Heno vs henolaje: qué forraje conservado elegir

El forraje conservado es la base de la dieta del caballo cuando no hay pasto. Las dos formas principales son el heno (seco) y el henolaje o ensilado (húmedo y fermentado). Cada uno tiene ventajas según el caballo y las condiciones. Esta comparativa los repasa.

Tabla comparativa

Característica Heno (seco) Henolaje (húmedo)
Humedad Baja (seco) Alta (fermentado)
Polvo Más, salvo si se moja Muy bajo
Idoneidad respiratoria Peor si es polvoriento Mejor (sin polvo)
Conservación Larga si está seco y aireado Sellado; se estropea rápido al abrir
Riesgo Moho si se almacena húmedo Botulismo si la fermentación falla
Manejo Sencillo Requiere cuidado al abrir y usar rápido

Conclusión

El heno de calidad es el estándar tradicional, práctico y de larga conservación, aunque puede tener polvo. El henolaje es excelente para caballos con problemas respiratorios por su ausencia de polvo, pero exige más cuidado: una fermentación defectuosa puede ser peligrosa y, una vez abierto, debe consumirse pronto. La elección depende del caballo (especialmente su salud respiratoria) y de las condiciones de almacenamiento.

Preguntas frecuentes

¿Es mejor el henolaje para caballos con asma?

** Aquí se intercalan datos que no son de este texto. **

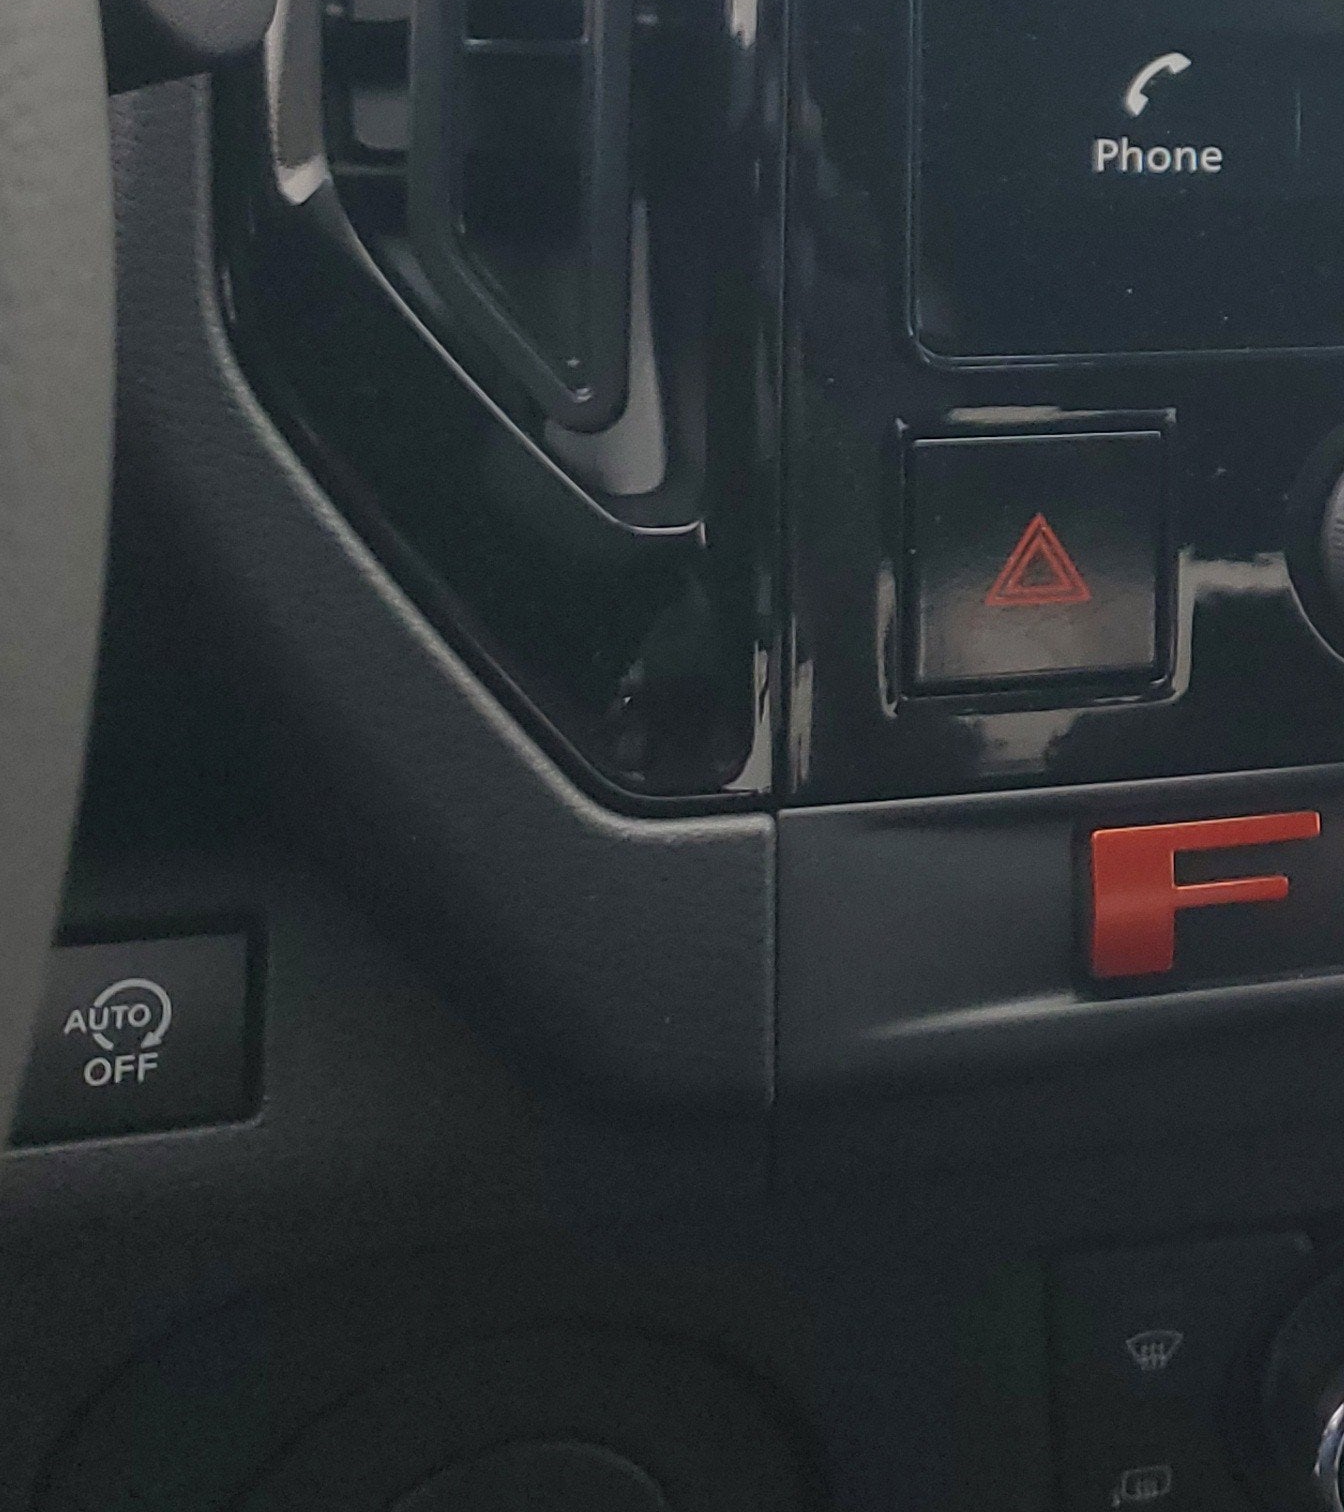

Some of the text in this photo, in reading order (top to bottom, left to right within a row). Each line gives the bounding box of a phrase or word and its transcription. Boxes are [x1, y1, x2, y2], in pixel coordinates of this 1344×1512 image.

[1093, 137, 1223, 173] Phone
[64, 1003, 151, 1035] AUTO
[84, 1052, 159, 1087] OFF

Su ausencia de polvo lo hace favorable para problemas respiratorios, frente al heno polvoriento. El heno mojado es alternativa.

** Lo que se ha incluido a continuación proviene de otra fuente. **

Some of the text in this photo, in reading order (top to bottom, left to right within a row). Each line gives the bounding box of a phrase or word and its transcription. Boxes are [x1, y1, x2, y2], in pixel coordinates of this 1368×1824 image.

¿El henolaje es peligroso?

Una fermentación defectuosa puede causar problemas graves (botulismo). Hay que usar producto de calidad y consumirlo pronto tras abrir.

¿Puedo cambiar de heno a henolaje sin más?

No bruscamente. Todo cambio de forraje debe ser gradual, durante 7-10 días, para evitar trastornos digestivos.